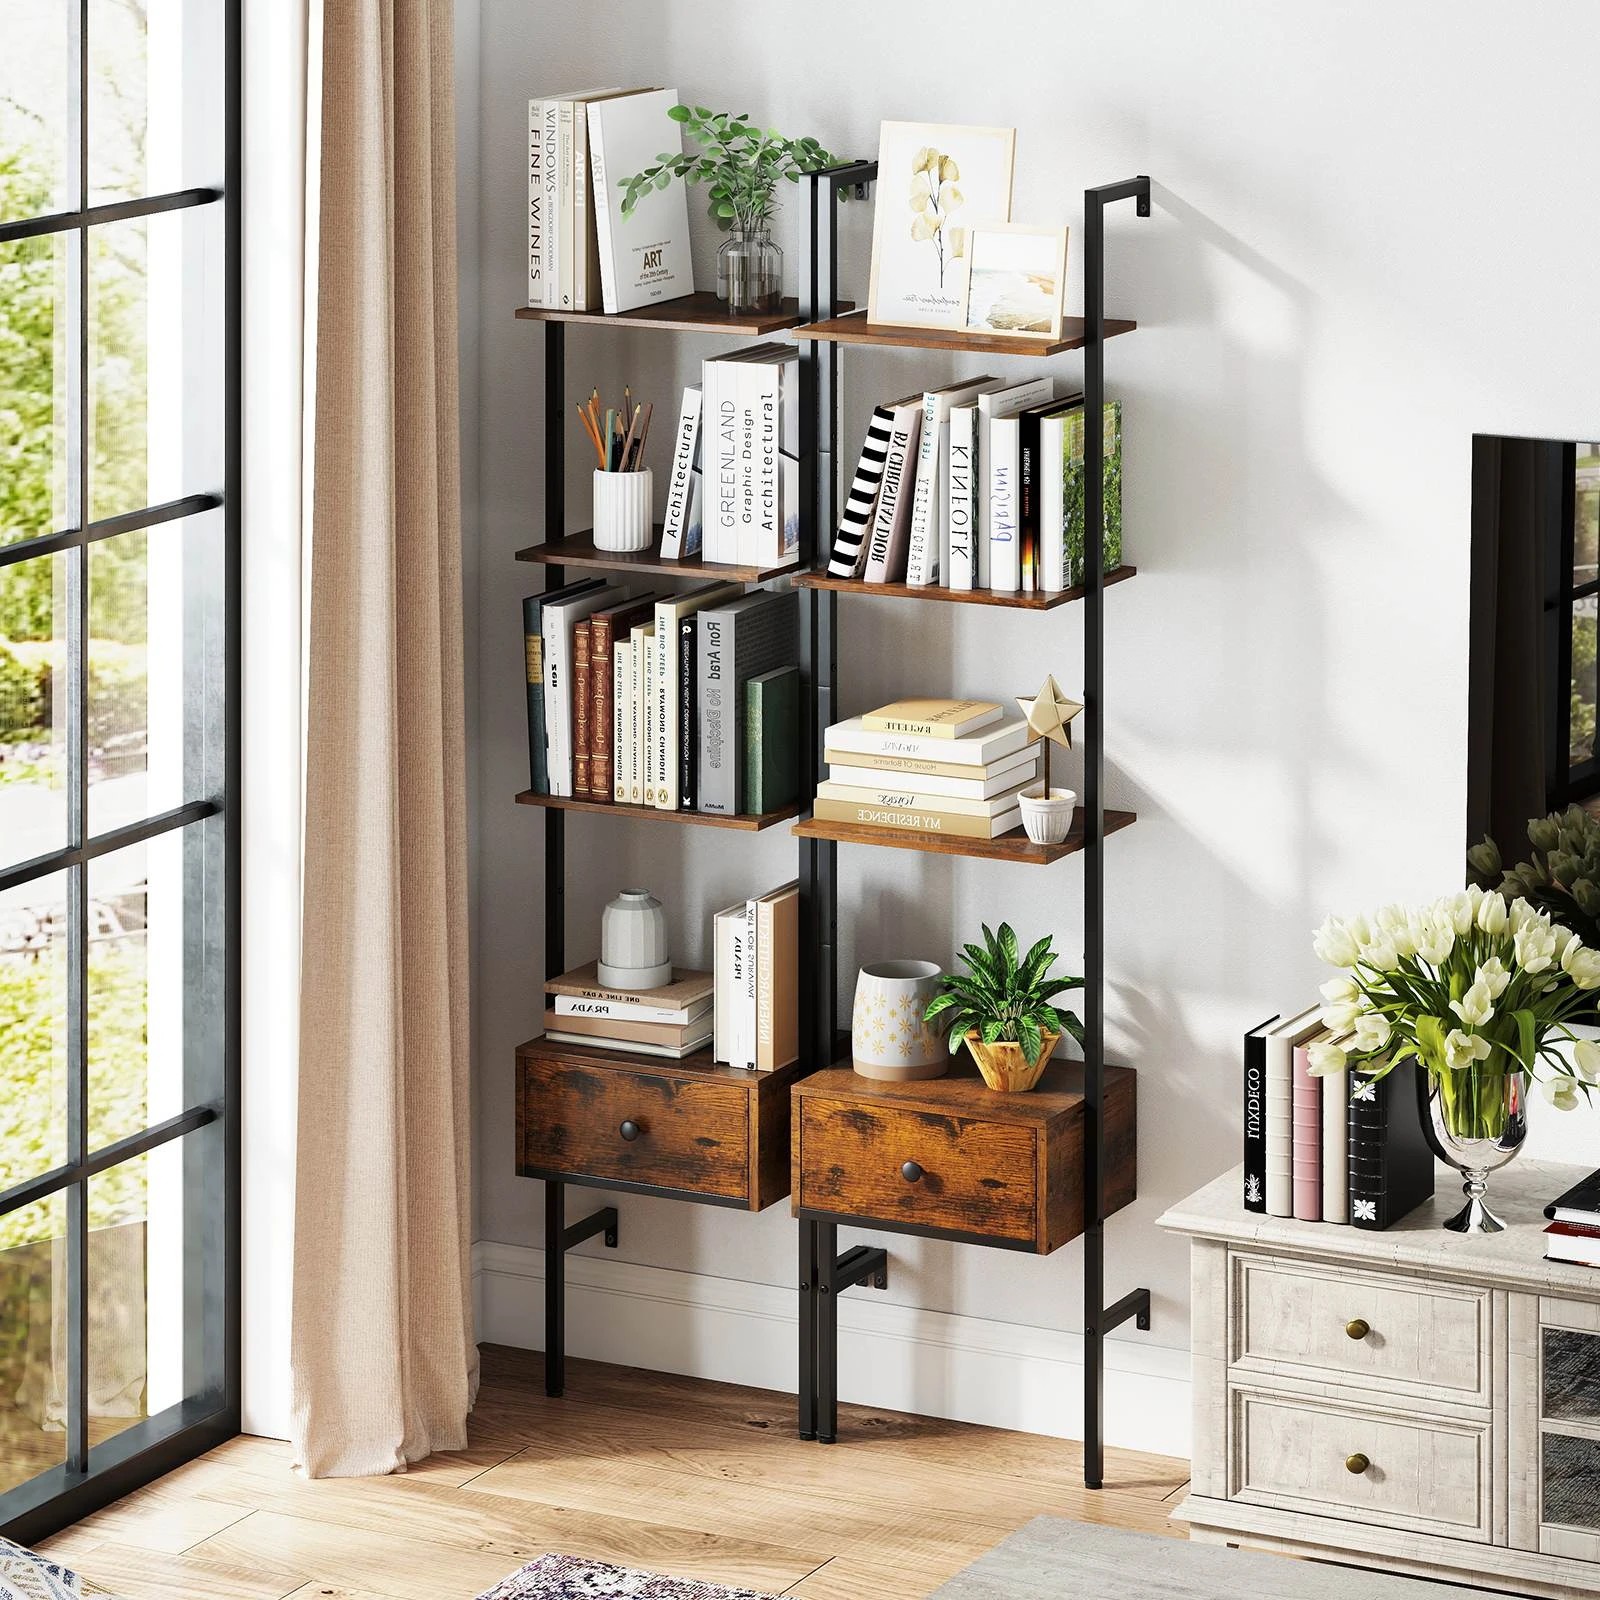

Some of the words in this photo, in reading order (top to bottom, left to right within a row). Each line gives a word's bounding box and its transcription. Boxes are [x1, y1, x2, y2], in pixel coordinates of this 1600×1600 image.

[531, 129, 541, 185] FINE
[546, 108, 556, 193] WINDOWS
[591, 153, 604, 185] ART
[531, 196, 541, 280] WINES
[643, 249, 663, 270] ART
[721, 400, 736, 528] GREENLAND
[742, 409, 755, 460] Design
[760, 392, 774, 531] Architectural
[666, 414, 695, 539] Architectural
[742, 466, 755, 524] Graphic
———
◆ WHAT IS EXPECTED
Transcribe all the lines above exactly; any image among them is skipped.

◆ TASK ANSWER
Some of the words in this photo, in reading order (top to bottom, left to right within a row). Each line gives a word's bounding box and its transcription. Boxes are [x1, y1, x2, y2], in pixel coordinates of this 1600×1600 image.

[531, 129, 541, 185] FINE
[546, 108, 556, 193] WINDOWS
[591, 153, 604, 185] ART
[531, 196, 541, 280] WINES
[643, 249, 663, 270] ART
[721, 400, 736, 528] GREENLAND
[742, 409, 755, 460] Design
[760, 392, 774, 531] Architectural
[666, 414, 695, 539] Architectural
[742, 466, 755, 524] Graphic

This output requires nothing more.